A Fully-Integrated 40-Phase Flying-Capacitance-Dithered Switched-Capacitor
Voltage Regulator with 6mV Output Ripple
Suyoung Bang1, Jae-sun Seo2, Inhee Lee1, Seokhyeon Jeong1, Nathaniel Pinckney1, David Blaauw1, Dennis Sylvester1, and Leland Chang3
1
University of Michigan, Ann Arbor, MI 2Arizona State University, Tempe, AZ
3
IBM T. J. Watson Research Center, Yorktown Heights, NY
Abstract
A switched-capacitor voltage regulator (SCVR) that dithers flying
capacitance (CFLY) to reduce output ripple is presented. The
proposed technique is implemented in a 40-phase SCVR with 4b
CFLY modulation in 65nm CMOS. At 2.3V input, on-chip ripple
magnitude of 6~16mV at 1V output is measured for 11~142mA load.
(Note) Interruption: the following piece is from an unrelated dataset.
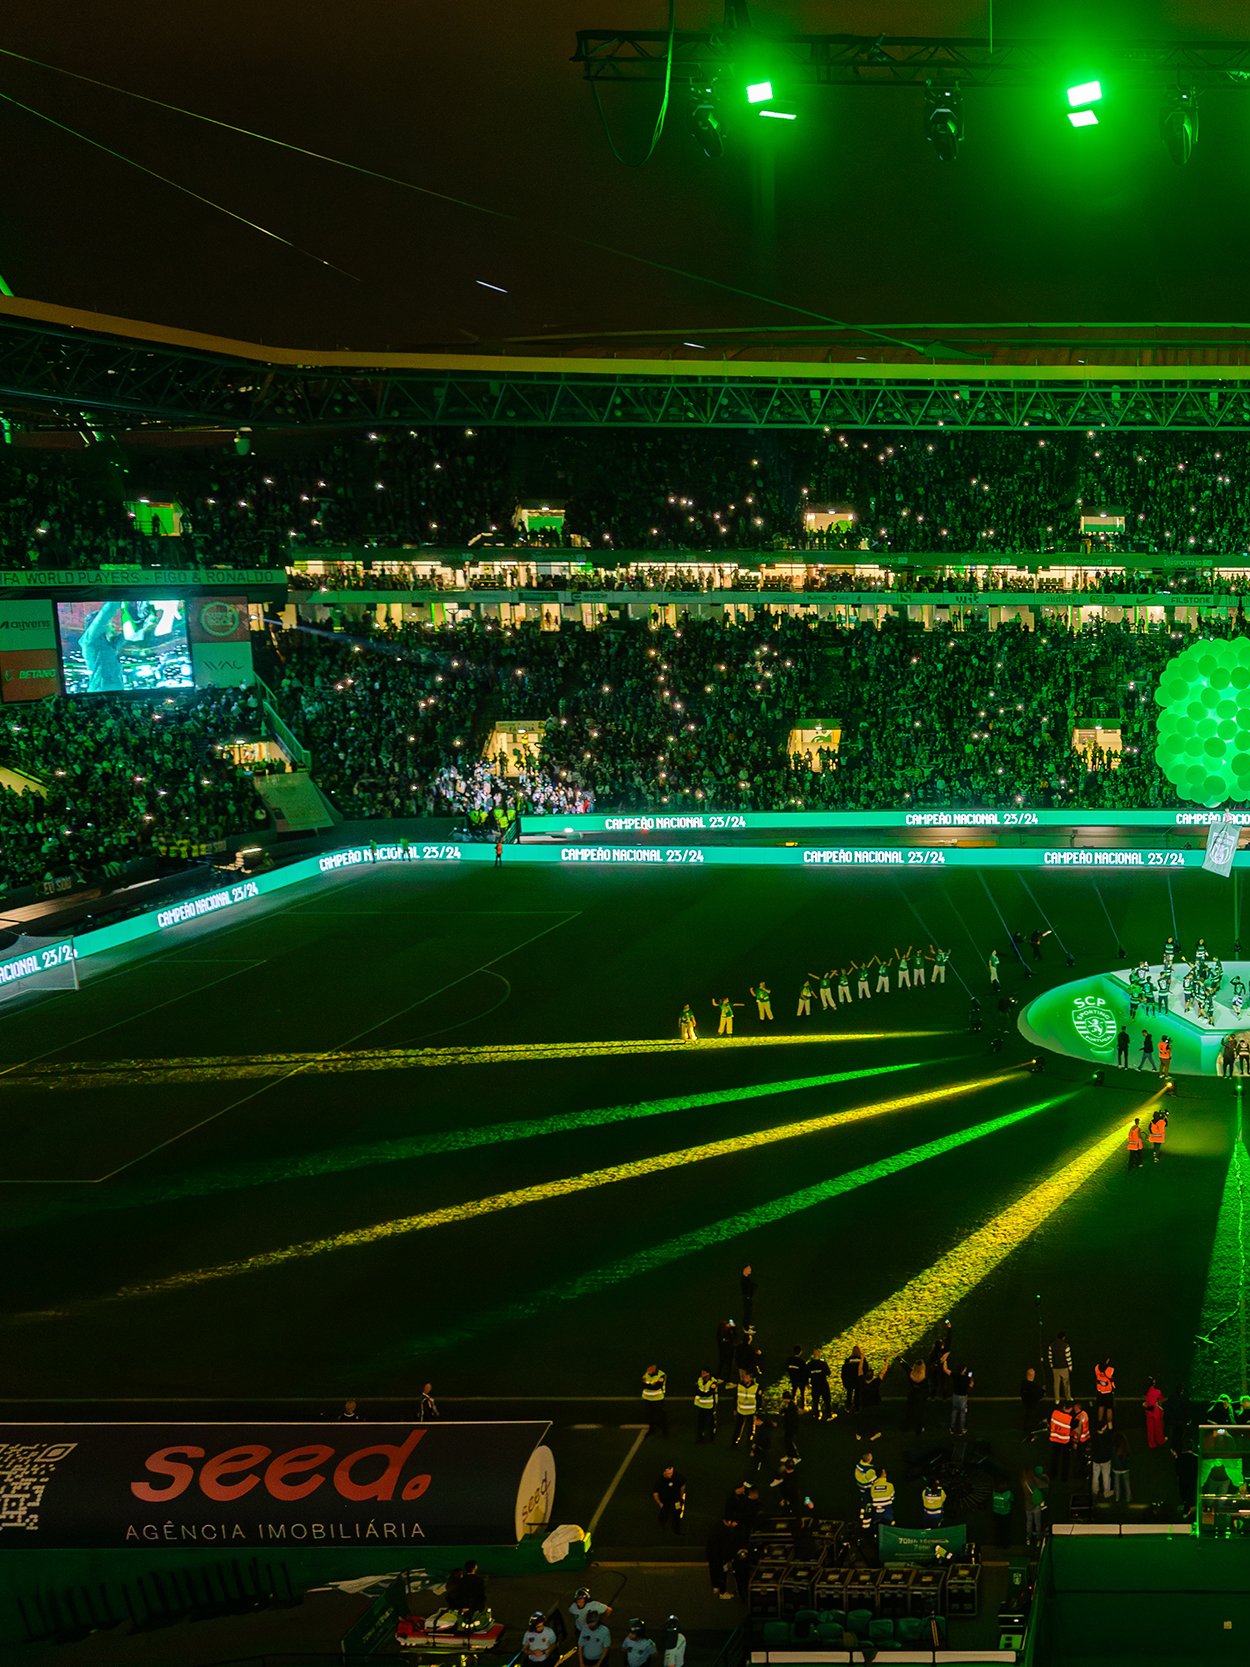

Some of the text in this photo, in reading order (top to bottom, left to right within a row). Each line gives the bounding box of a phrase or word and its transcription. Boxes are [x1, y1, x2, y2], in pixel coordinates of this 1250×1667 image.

Peak efficiency is 70.8% at a power density of 0.187W/mm2.
Introduction
Integrated voltage regulation using on-chip DC-DC step-down
converters can provide fast load response as well as reduced package
current, which reduces IR and LdI/dt drops. Switched-capacitor
voltage regulators (SCVRs) have gained popularity for on-chip
regulation [1-5] as they are compatible with CMOS processes and do
not require magnetic materials for inductors.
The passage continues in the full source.